**What the task asks:**
Below are entries to be transcribed exactly; exclude the pictures from the copy.

**Records supplied:**
::::
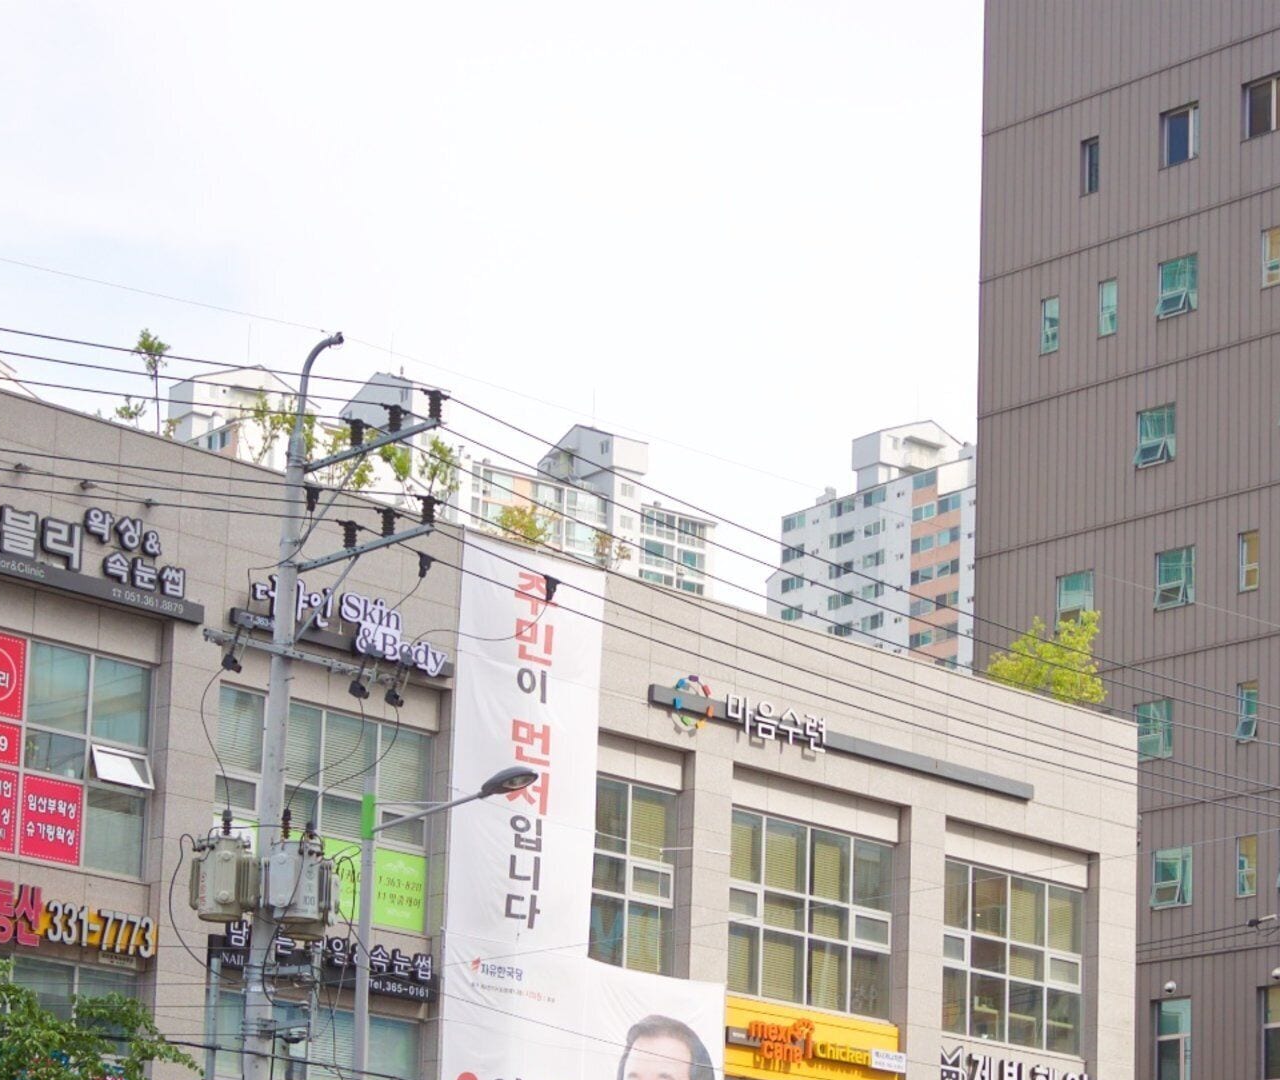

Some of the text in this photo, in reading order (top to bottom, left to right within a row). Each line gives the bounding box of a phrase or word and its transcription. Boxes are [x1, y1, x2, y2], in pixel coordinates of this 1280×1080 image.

[103, 553, 185, 598] 속눈썹
[123, 589, 184, 615] 051.361.8879
[340, 592, 402, 631] Skin
[514, 571, 558, 705] 주민이
[726, 692, 827, 752] 마음수련
[27, 794, 77, 819] 임산부왁싱
[504, 718, 552, 930] 먼저입니다
[25, 820, 76, 846] 슈가링왁싱
[46, 899, 157, 959] 331-7773
[481, 963, 524, 981] 자유한국당
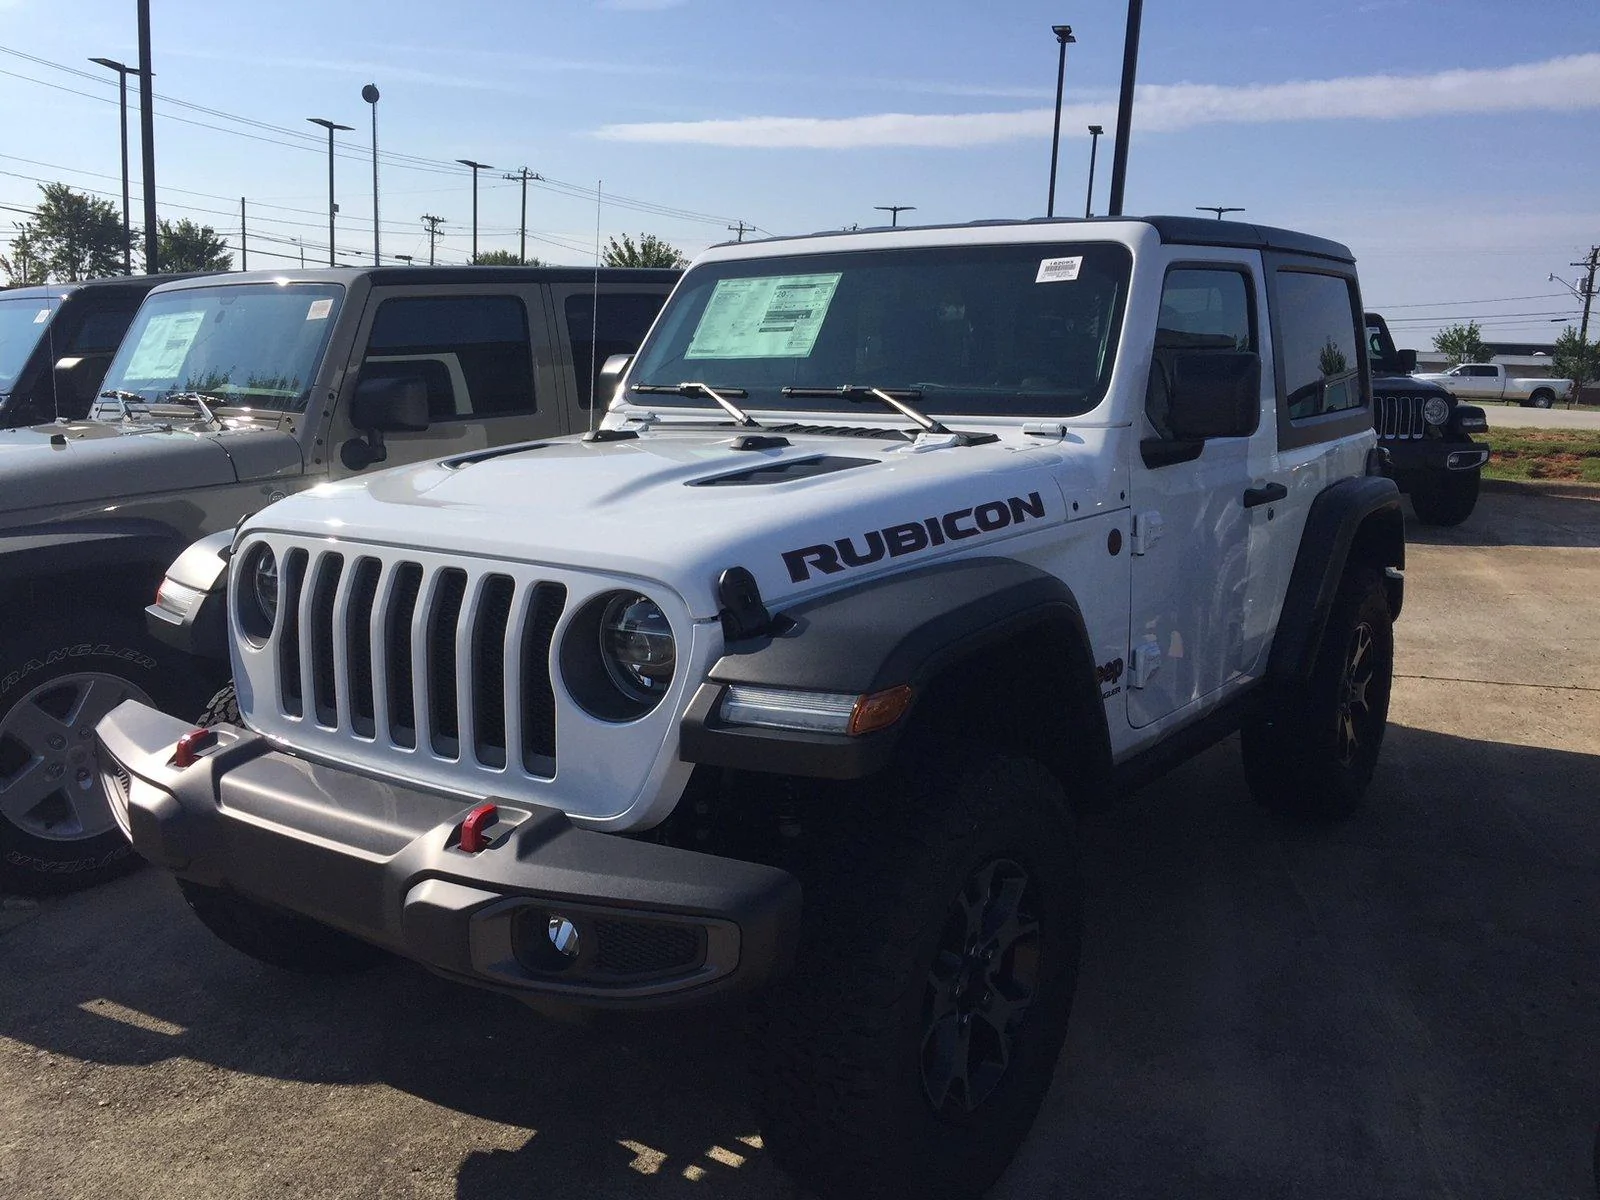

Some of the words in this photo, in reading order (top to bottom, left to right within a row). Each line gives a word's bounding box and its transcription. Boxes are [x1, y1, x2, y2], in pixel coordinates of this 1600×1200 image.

[781, 492, 1046, 584] RUBICON
[1095, 657, 1124, 684] eep
[1102, 686, 1121, 699] GLER
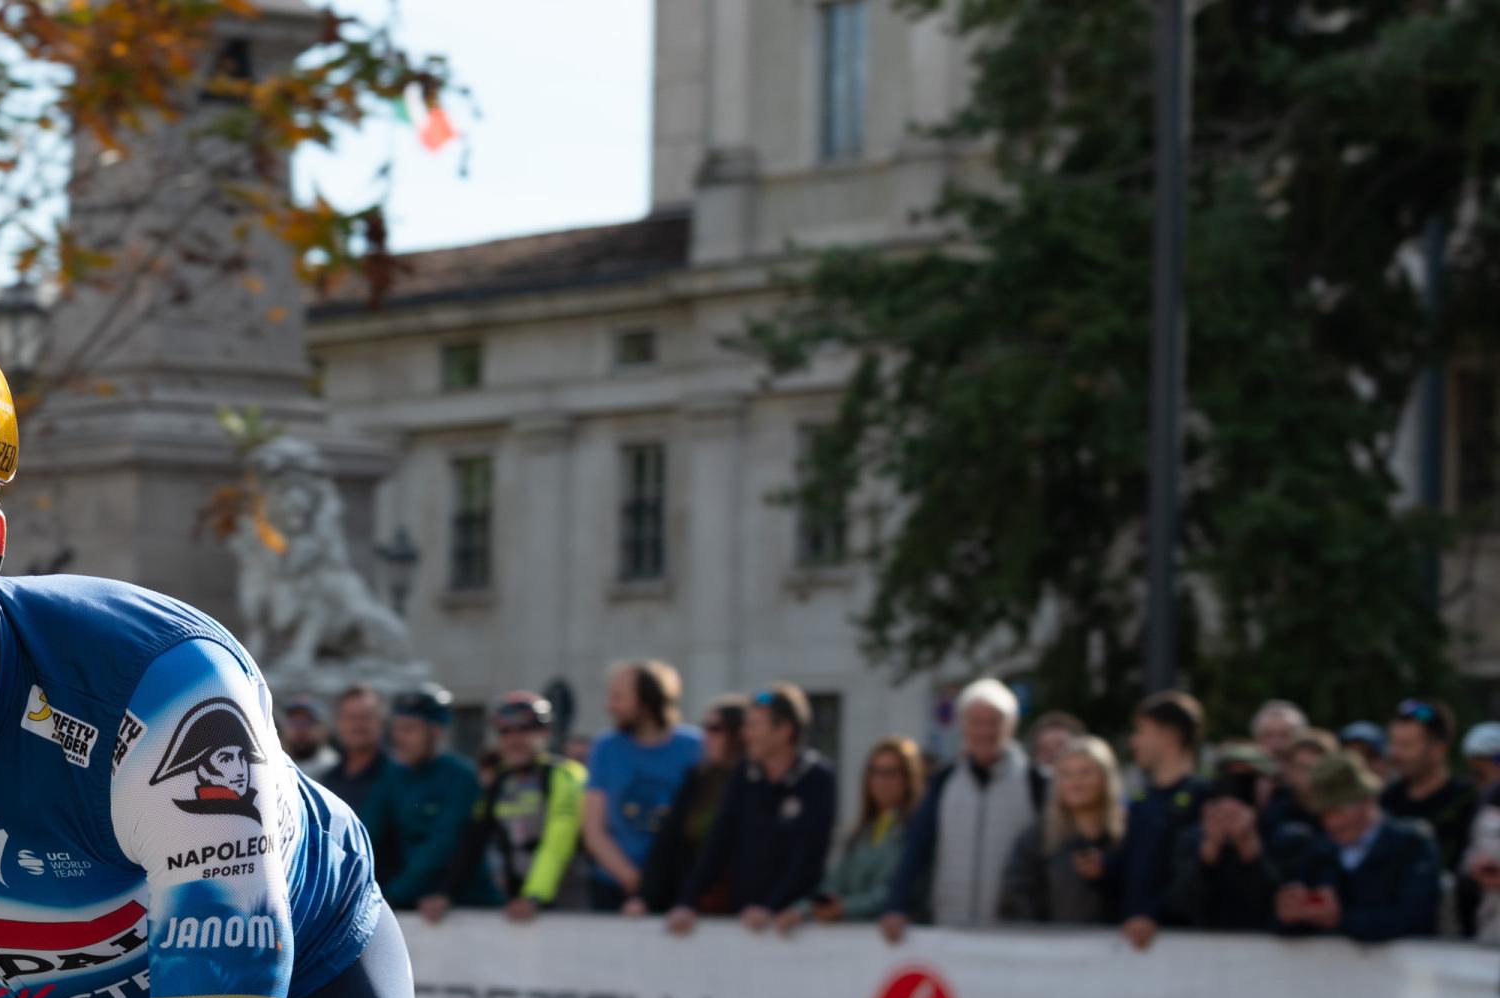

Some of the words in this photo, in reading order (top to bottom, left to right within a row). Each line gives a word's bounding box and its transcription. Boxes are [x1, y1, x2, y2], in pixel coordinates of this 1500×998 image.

[52, 711, 96, 742] AFETY
[46, 852, 71, 861] UCI
[166, 834, 275, 870] NAPOLEON
[49, 861, 92, 870] WORLD
[202, 863, 255, 879] SPORTS
[52, 869, 86, 878] TEAM
::::
**Response for this exercise:**
Some of the text in this photo, in reading order (top to bottom, left to right within a row). Each line gives the bounding box of a phrase or word and its transcription. Boxes are [x1, y1, x2, y2], in pixel coordinates of this 1280×1080 image.

[103, 553, 185, 598] 속눈썹
[123, 589, 184, 615] 051.361.8879
[340, 592, 402, 631] Skin
[514, 571, 558, 705] 주민이
[726, 692, 827, 752] 마음수련
[27, 794, 77, 819] 임산부왁싱
[504, 718, 552, 930] 먼저입니다
[25, 820, 76, 846] 슈가링왁싱
[46, 899, 157, 959] 331-7773
[481, 963, 524, 981] 자유한국당

Some of the words in this photo, in reading order (top to bottom, left to right within a row). Each line gives a word's bounding box and its transcription. Boxes are [x1, y1, x2, y2], in pixel coordinates of this 1600×1200 image.

[781, 492, 1046, 584] RUBICON
[1095, 657, 1124, 684] eep
[1102, 686, 1121, 699] GLER

Some of the words in this photo, in reading order (top to bottom, left to right within a row). Each line gives a word's bounding box and its transcription. Boxes are [x1, y1, x2, y2], in pixel coordinates of this 1500×998 image.

[52, 711, 96, 742] AFETY
[46, 852, 71, 861] UCI
[166, 834, 275, 870] NAPOLEON
[49, 861, 92, 870] WORLD
[202, 863, 255, 879] SPORTS
[52, 869, 86, 878] TEAM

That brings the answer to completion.